All of these programs take money from the wage earner, the provident, the low risk, the cautious, and the sucker which will be shared later by the insurance administrators and those “beneficiaries” who qualify under the rigid rules of the law or the unread insurance contract. The insured, like the members of the ant colony, buys into the promise that they will benefit in case of emergency. All insured happily contribute hoping they never have to file a claim.
In this socialistic world, each worker must pay something according to his or her ability to hang onto a job. Business and union leaders negotiate what a fair amount is. In order to force workers to contribute to these various insurance schemes, the crafty leaders of our governments and businesses have wisely determined that many of the premiums will be paid by the employer or deducted from a worker’s pay check each pay period.

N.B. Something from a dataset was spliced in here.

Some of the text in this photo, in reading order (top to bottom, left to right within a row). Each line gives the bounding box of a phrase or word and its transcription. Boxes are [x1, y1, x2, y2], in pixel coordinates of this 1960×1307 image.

When the insurance companies learned that the healthy, younger workers were smart enough to resist overpaying for their health insurance, these companies convinced the government and the employers that salary increases should be used to pay for medical insurance. Premiums that are now paid by employers for workers’ comp, disability, health, and dental insurance are in fact wages that employers could have paid to employees to buy the insurance they needed. However, no one felt that workers would buy insurance with these raises. This “fringe benefit” money truly belongs to employees, but they have almost nothing to say about how their money should be spent and what level of insurance coverage should be purchased.

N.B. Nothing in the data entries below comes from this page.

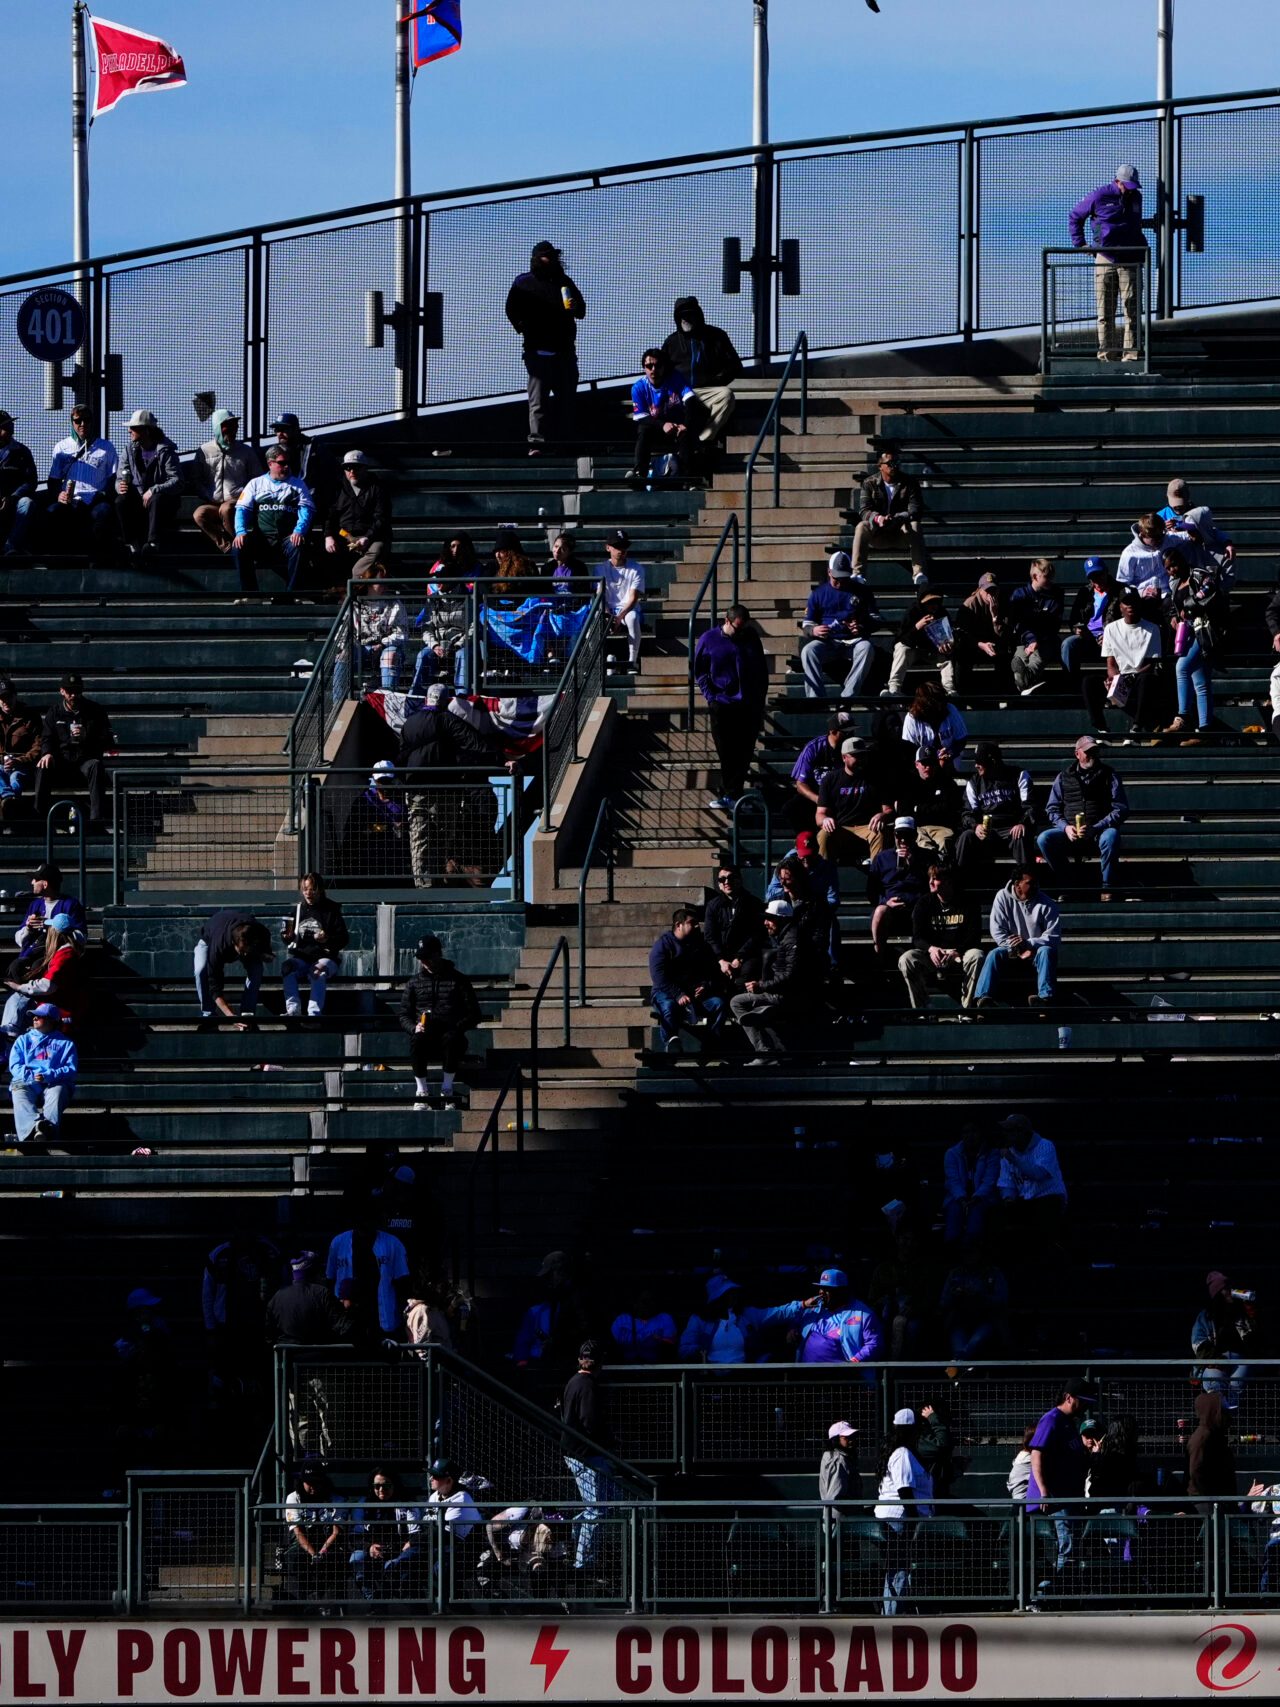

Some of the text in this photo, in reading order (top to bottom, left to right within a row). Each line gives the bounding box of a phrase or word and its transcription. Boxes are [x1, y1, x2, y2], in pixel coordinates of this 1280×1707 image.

[28, 309, 75, 345] 401
[0, 1625, 978, 1697] LY POWERING COLORADO
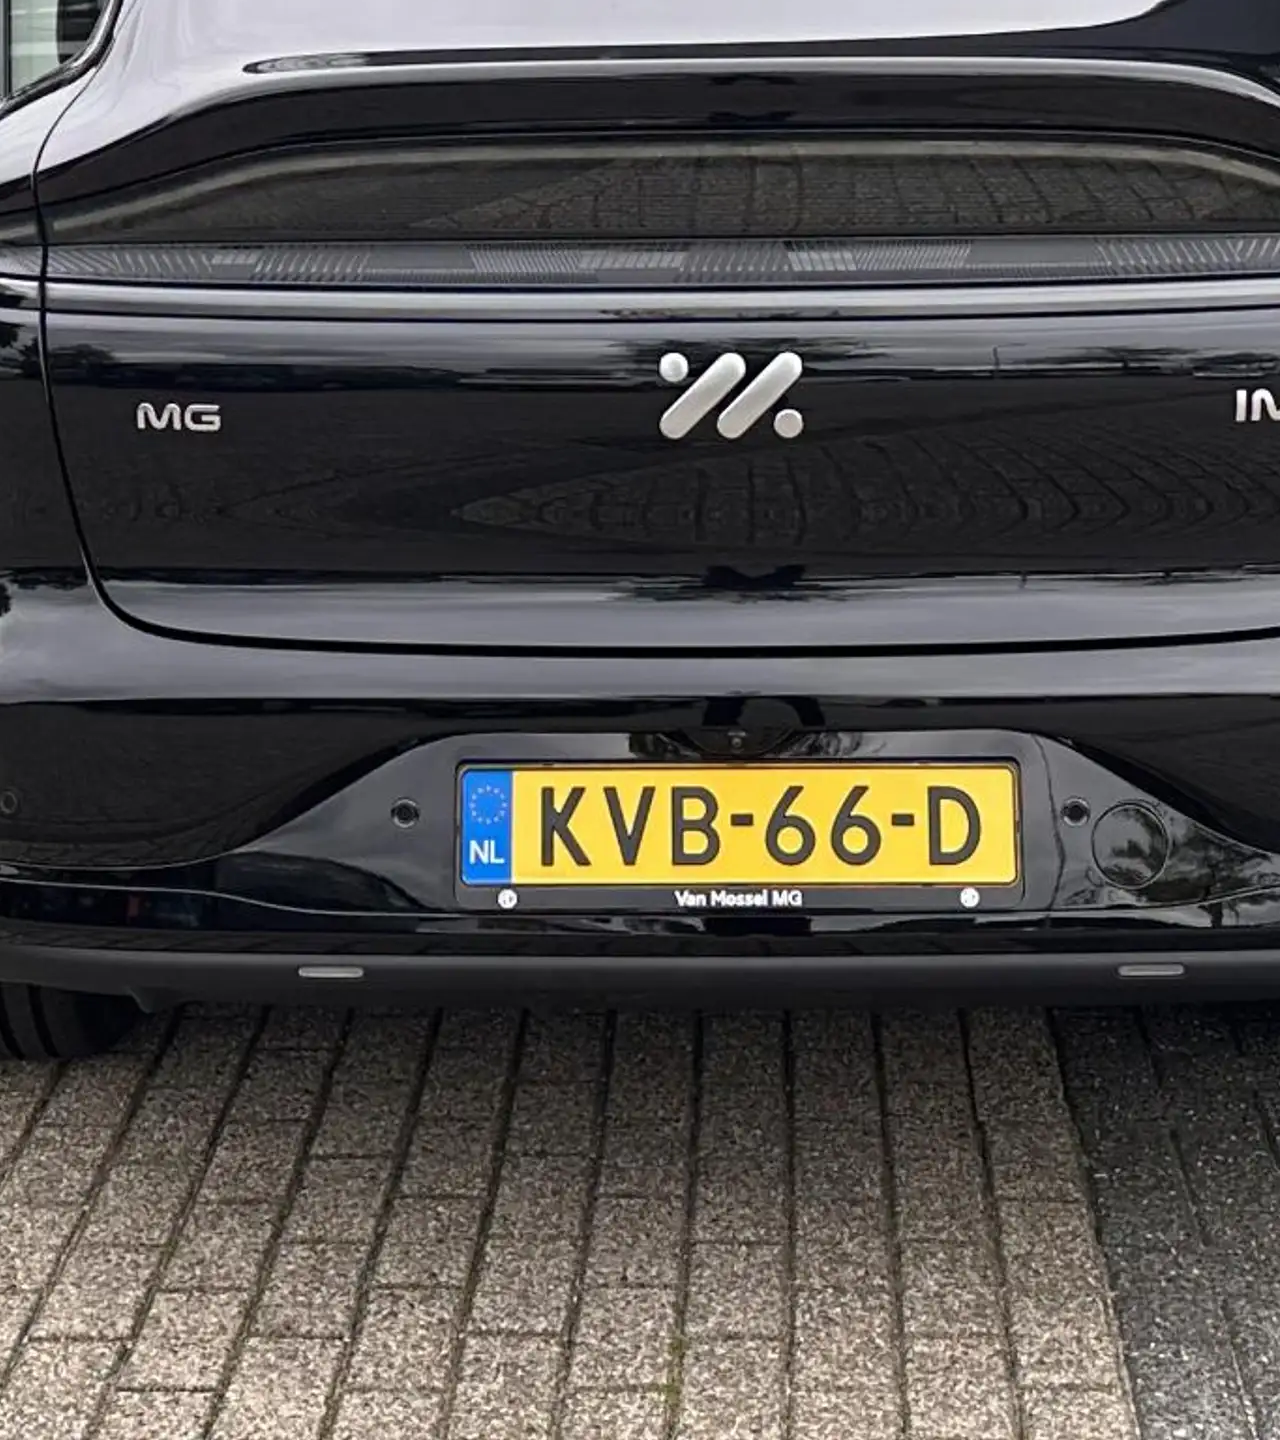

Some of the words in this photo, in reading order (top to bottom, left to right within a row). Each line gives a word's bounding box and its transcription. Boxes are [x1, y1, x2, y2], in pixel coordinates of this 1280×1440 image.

[136, 402, 221, 431] MG
[541, 785, 981, 867] KVB-66-D
[469, 840, 505, 865] NL
[674, 889, 707, 907] Van
[710, 888, 768, 907] Mossel
[772, 889, 803, 907] MG

Unemployment Compensation and Social Security benefits are similar labor costs. This money is collected by our caring government agencies and used for a variety of “grasshopper” needs. As they should be, right? We ants must take care of the unlucky ones, at least for the first winter. What happens after that depends on the liberal agenda and political pressure from lobbyists who can fix all our complicated social problems with someone else’s money. The “let-them-eat-rice” conservatives drag their feet in adopting liberal ideas. They make sure, when they finally agree with the liberals, that the insurance companies are well rewarded financially.
The original ant-like provisions for a fierce winter have evolved into cradle-to-the-grave benefits for those humans who know how to play the role of a tragic victim. Good for these resourceful beneficiaries of our community’s generosity! Donations to charities to help the poor and needy were initially undermined by the progressive income tax introduced less than a 100 years ago.
Now we have all that tax money (that was formerly spent by selfish, conspicuous consumers) in the hands of caring, seldom audited service agencies whose well paid servants dole out government chits to deserving citizens for a variety of sound reasons. I know you ants feel better about this already. You might even qualify for some of those chits!
When summer rolls around, most of the ants are back at work, and the bureaucratic human machinery that grinds out welfare checks, unemployment checks, Social Security payments, food stamps, etc. continues uninterrupted. When government revenue is inadequate to cover public expenditures, governments borrow from future tax revenue. But don’t worry about that. Paying off the debt won’t be a problem for this generation!
However, should you ever get tired of being an over-worked, over-taxed ant, you can study how the cheerful grasshopper makes out. Those folks who copy the grasshopper’s care-less lifestyle manage very well without working very hard or long, and they never seem to suffer serious stress about not paying for their subsidized lifestyle.